In fashioning a uniform "federal common law" applicable to such a dispute, Hext [444 F.2d at 809[2]] looked to Article 9 and other relevant provisions of the Code as well as the "general common law" of conversion. We need not retrace the path of the opinion through the Code that found an equivalence between the defendant selling agent and the purchasers of the cotton as buyers in ordinary course from a person not engaged in farming operations, and hence not subject to the security interest of the FHA. The decision of liability in conversion or not of the selling agent came to rest on § 233(1) of the Restatement (Second) of Torts (1965) adopted by the court as the federal rule of conversion applicable to the case:
[O]ne who as an agent or servant of a third person disposes of a chattel to one not entitled to its immediate possession in consummation of a transaction negotiated by the agent or servant, is subject to liability for a conversion to another who, as against his principal or master, is entitled to the immediate possession of the chattel. 444 F.2d at 809[2] (Emphasis in original.)

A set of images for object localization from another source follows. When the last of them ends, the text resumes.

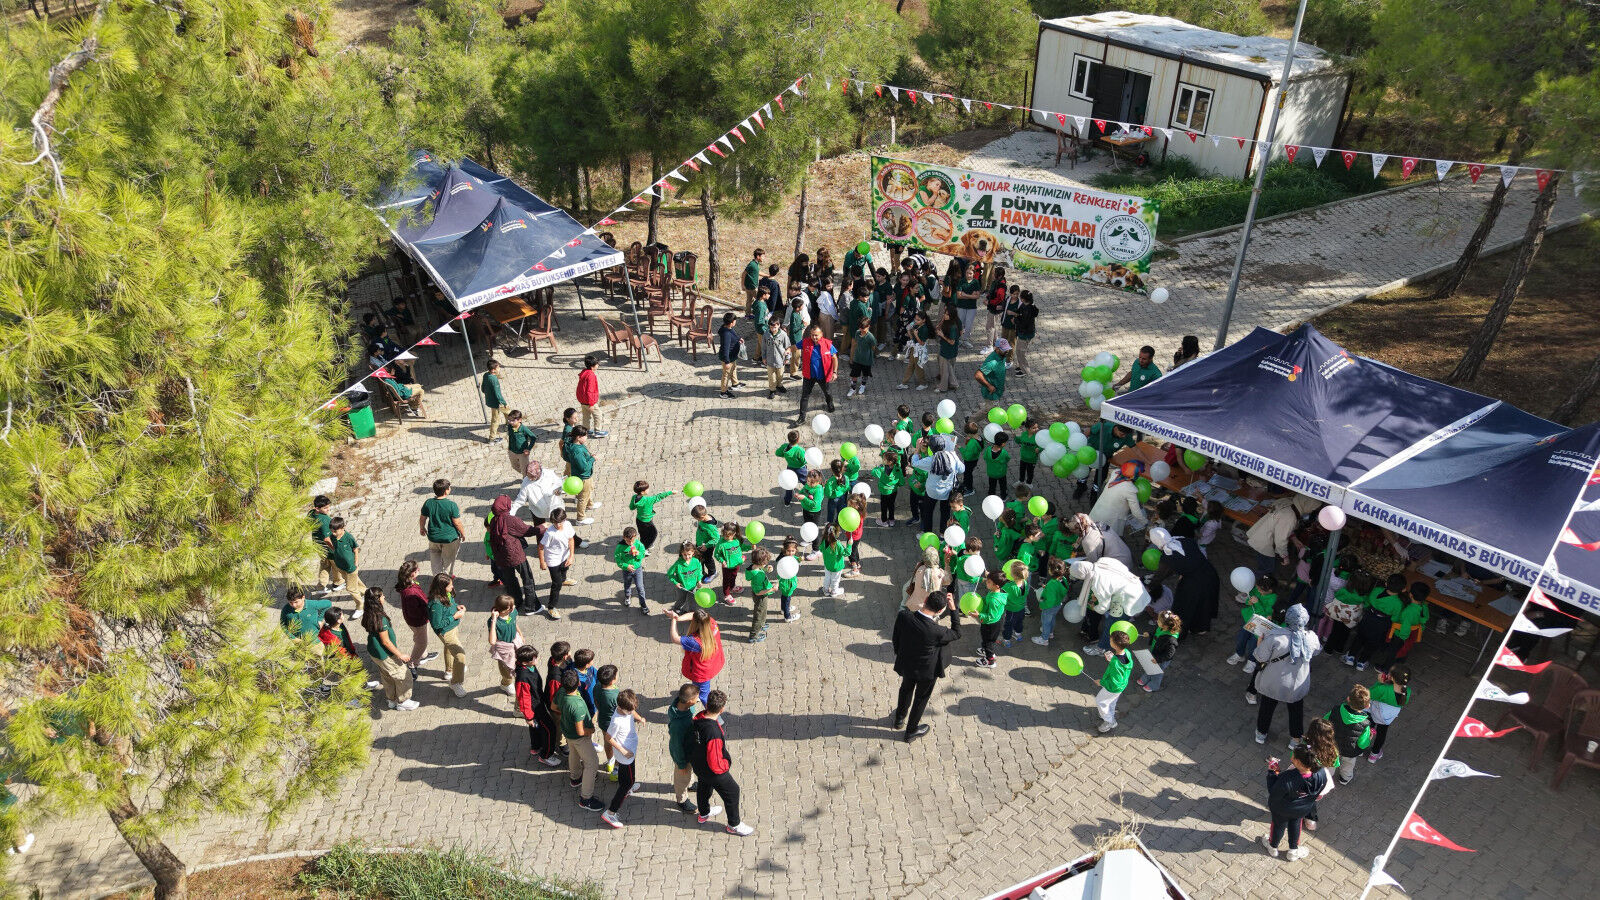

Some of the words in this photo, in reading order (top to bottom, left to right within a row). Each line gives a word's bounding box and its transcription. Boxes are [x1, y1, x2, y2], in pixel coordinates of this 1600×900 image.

[971, 194, 994, 220] 4
[977, 180, 1010, 193] ONLAR
[1013, 183, 1072, 200] HAYATIMIZIN
[1073, 192, 1123, 211] RENKLERİ
[1001, 196, 1063, 217] DÜNYA
[971, 219, 993, 228] EKİM
[1000, 209, 1097, 239] HAYVANLARI
[1000, 224, 1054, 243] KORUMA
[1058, 234, 1094, 250] GÜNÜ
[1012, 237, 1044, 255] Kutlu
[1045, 244, 1085, 260] Olsun
[1114, 411, 1199, 448] KAHRAMANMARAŞ
[1200, 439, 1265, 474] BÜYÜKŞEHİR
[1266, 464, 1332, 499] BELEDİYESİ
[1353, 499, 1478, 558] KAHRAMANMARAŞ
[1478, 549, 1577, 600] BÜYÜKŞEHİR
[1578, 591, 1600, 611] BE
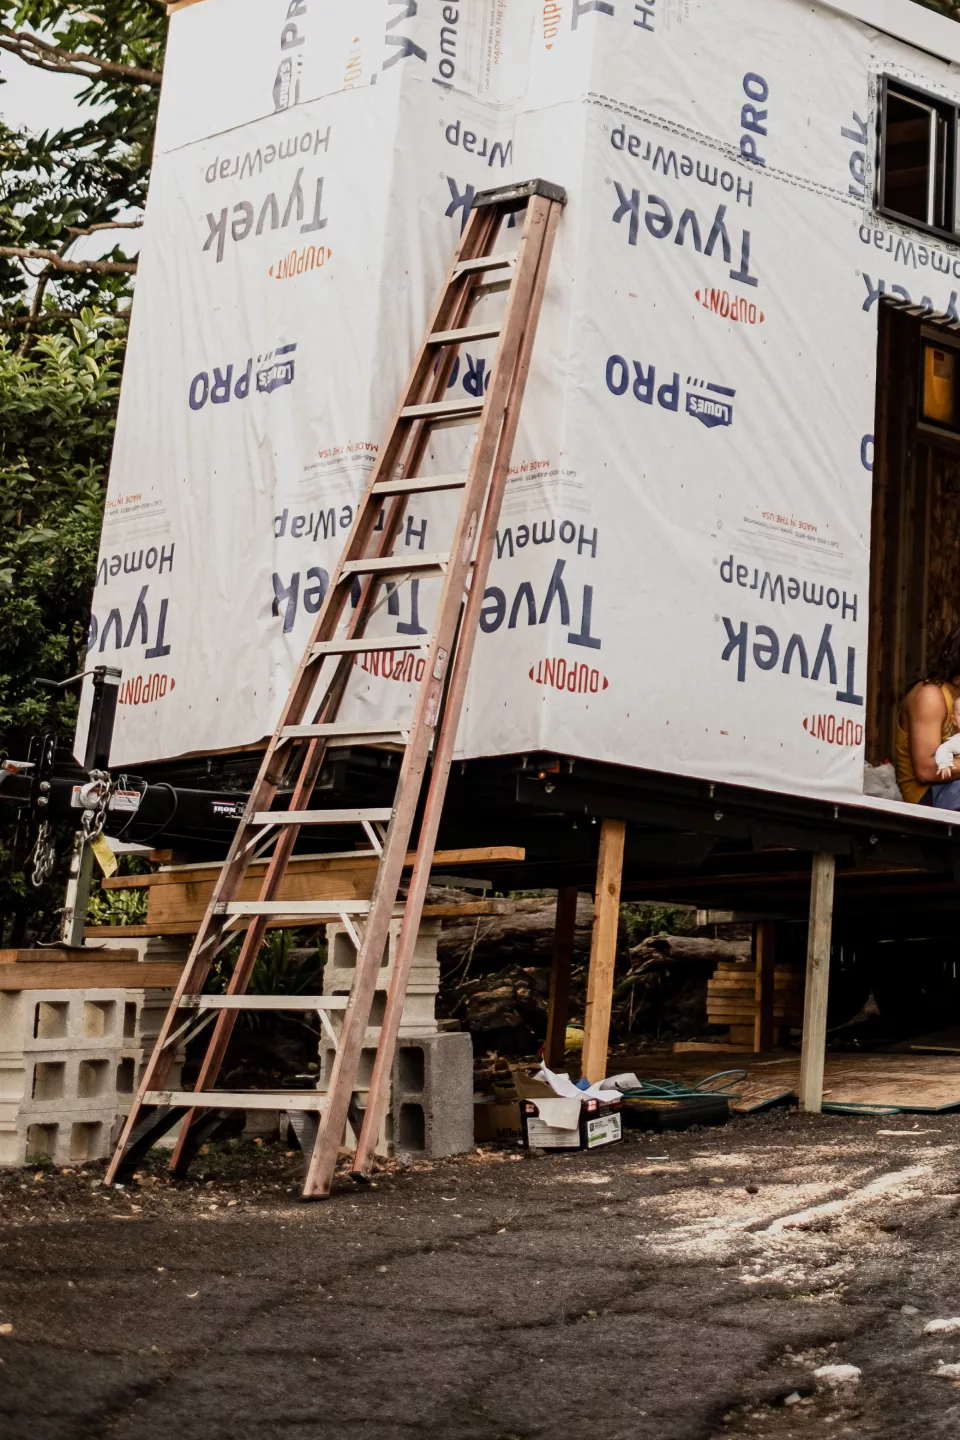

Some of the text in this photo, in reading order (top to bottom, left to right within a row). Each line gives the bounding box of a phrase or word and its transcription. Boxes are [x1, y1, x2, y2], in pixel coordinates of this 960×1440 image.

The opinion concluded that since the cotton in the hands of the selling agent was inventory, the purchase was not from a person engaged in farming operations, and the buyer took free of the creditor's security interest under § 9-307(1) of the Code. Thus [at 816], to the extent the selling agent acted in good faith and without actual knowledge of FHA's security interest, they could not be liable as converters since the cotton was not transferred "to one not entitled to its possessions."
Whatever the premises of the "federal common law" theory of conversion Hext adopted to relieve from liability for conversion a marketing agent who sells secured goods without consent of the creditor innocent of that interest, the law of Missouri imposes liability, despite the good faith or lack of knowledge of the agent. Stewart, 454 S.W.2d at 915. That is because the agent stands in the stead of the principal, and here the principal Arnold was without the right to immediate possession of the cattle or the consent of the owner to transfer them for sale. See First Nat'l Bank of Amarillo v. Southwestern Livestock, Inc., 859 F.2d at 850[2]; United States v. Gallatin Livestock Auction, 448 F.Supp. at 621, aff'd per curiam, 589 F.2d 353; Michigan Nat'l Bank v. Michigan Livestock Exch., 432 Mich. 277, 439 N.W.2d 884, 893[3] (1989). These decisions, as does Stewart, reject the reasoning and authority of Hext and, as does Stewart, hold the agent strictly to the authority of the principal.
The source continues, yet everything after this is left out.